“Quédate”
POV: Alex Carter
Luces blancas.
Demasiado brillantes.
Demasiado frías.
El sonido constante de máquinas que no entendía del todo…
pero que necesitaba escuchar.
Porque significaban una cosa.
Seguía aquí.
No me moví.
No desde que la dejaron en esa cama.
No desde que la puerta se cerró después de llevarla a urgencias.

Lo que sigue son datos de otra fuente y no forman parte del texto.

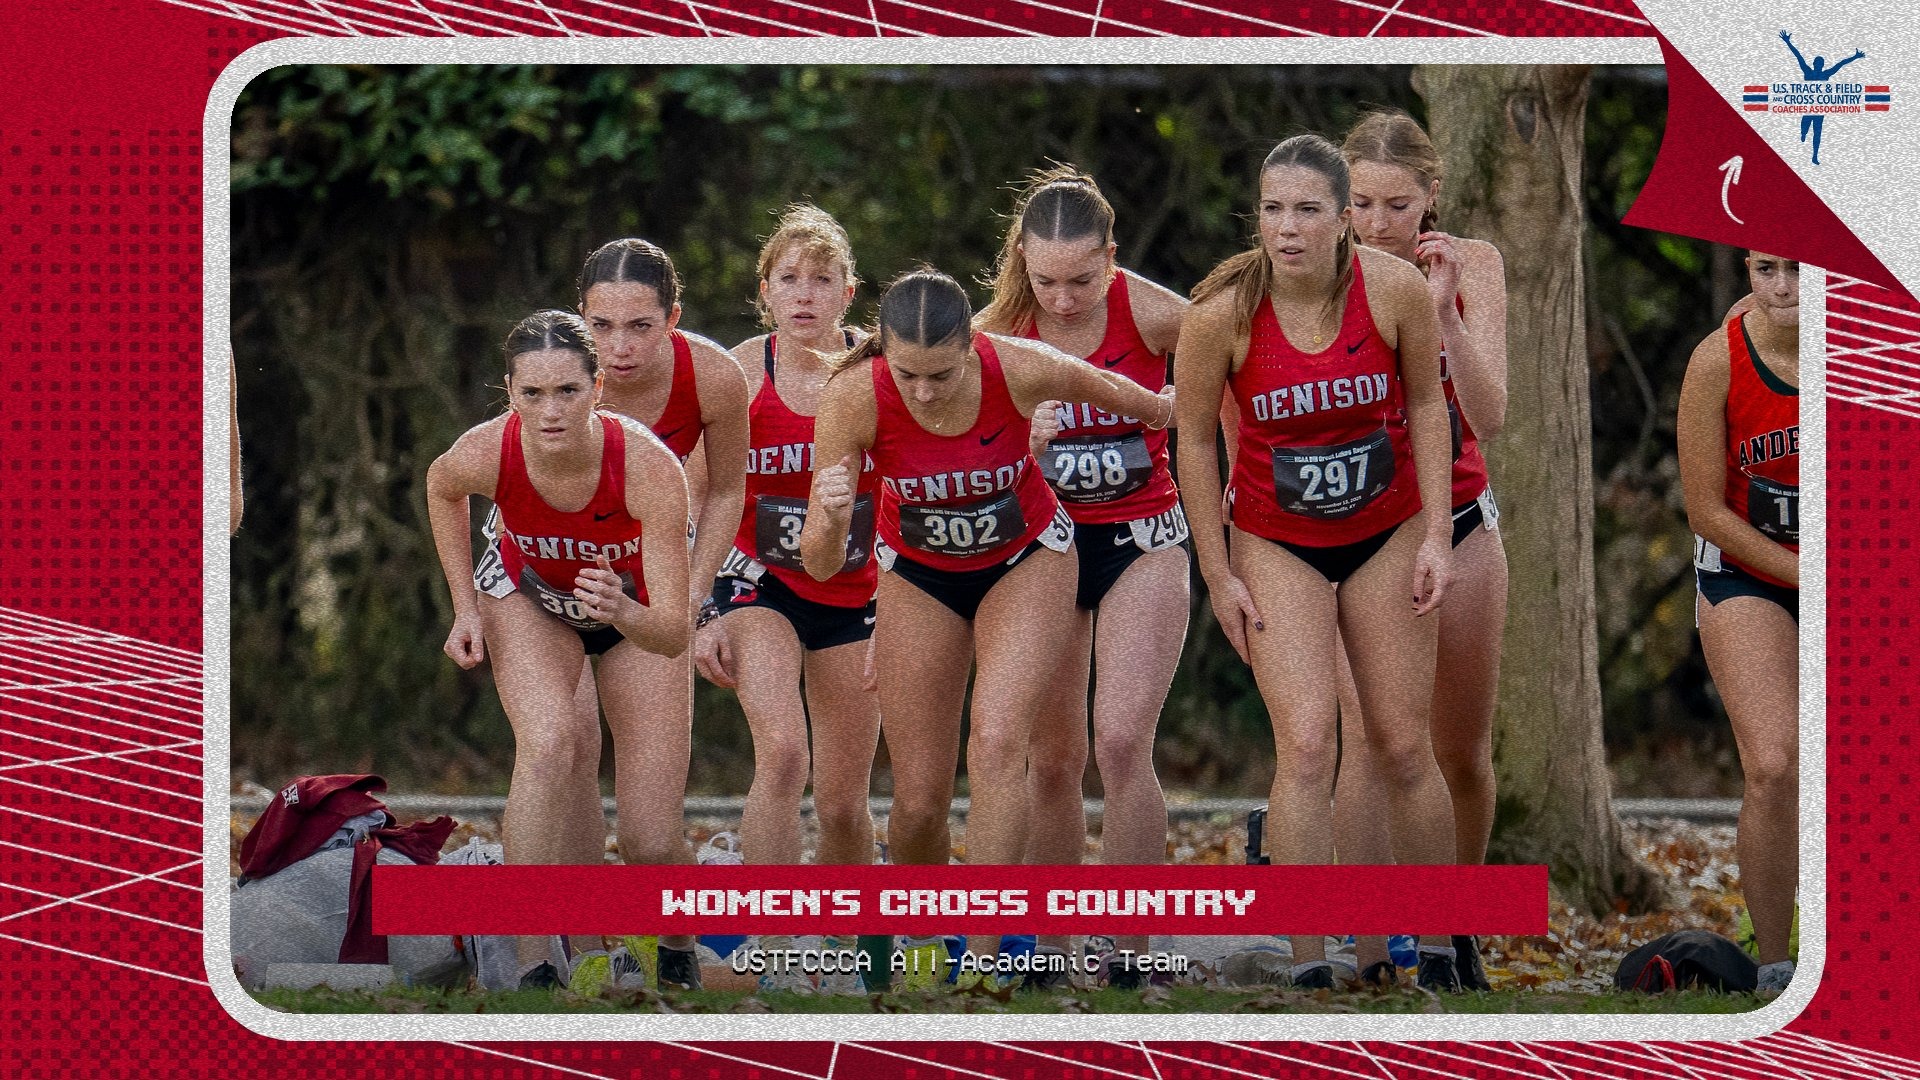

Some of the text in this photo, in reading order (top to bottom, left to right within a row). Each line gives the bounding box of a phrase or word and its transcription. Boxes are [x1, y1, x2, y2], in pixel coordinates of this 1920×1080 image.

[1252, 373, 1388, 421] DENISON
[1055, 449, 1127, 490] 298
[1300, 453, 1369, 501] 297
[924, 515, 1000, 548] 302
[1145, 503, 1186, 548] 298
[1773, 497, 1799, 526] 1
[475, 549, 508, 592] 03
[540, 592, 589, 620] 30
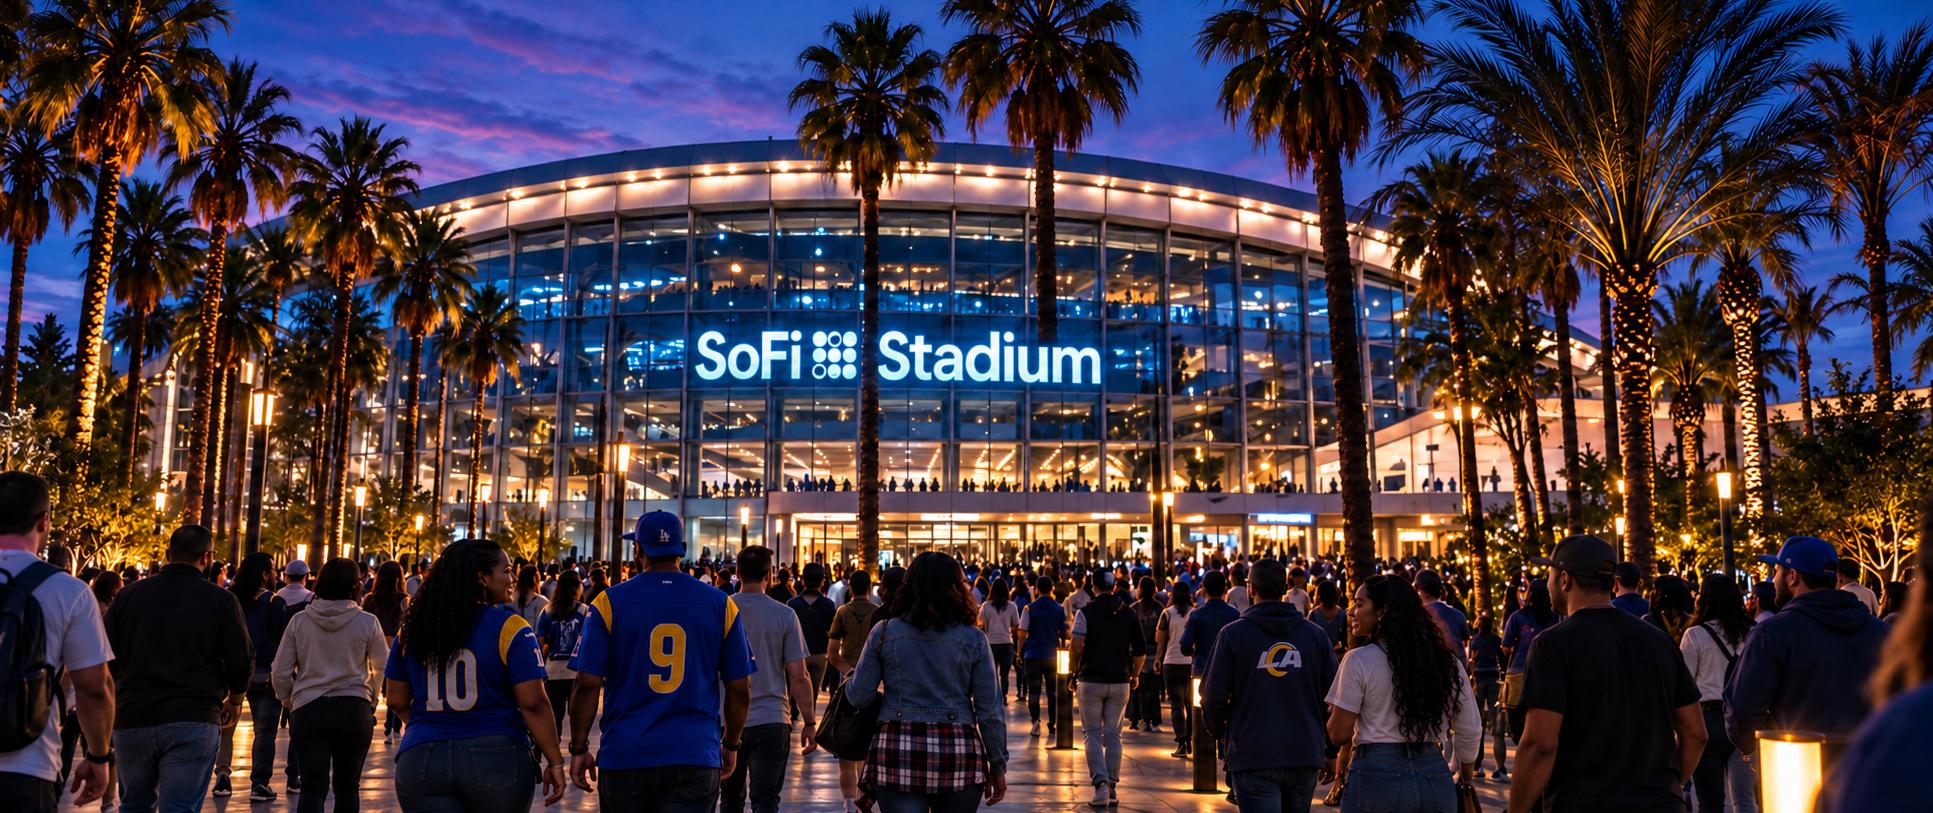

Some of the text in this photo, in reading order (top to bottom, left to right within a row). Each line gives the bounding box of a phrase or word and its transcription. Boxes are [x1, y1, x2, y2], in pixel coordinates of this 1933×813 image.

[695, 330, 1102, 385] SoFi Stadium
[425, 648, 479, 712] 10
[648, 623, 687, 694] 9

No desde que solté su mano.
Y aún así…
sentía que seguía sosteniéndola.
—Señor.
Levanté la mirada.
El doctor.
Serio.
Profesional.
—Necesitamos hablar.
Me puse de pie.
—¿Está bien?
Silencio.
Ese maldito silencio.
—Está estable.
No fue suficiente.
—¿Qué pasó?
El doctor tomó aire.
—Presenta síntomas compatibles con un evento neurológico.
Mi mandíbula se tensó.
—Explique.
—Pérdida de movilidad en un lado del cuerpo, dificultad para hablar, asimetría facial… —hizo una pausa breve—. Necesitamos hacer estudios para confirmar, pero todo apunta a un episodio cerebrovascular.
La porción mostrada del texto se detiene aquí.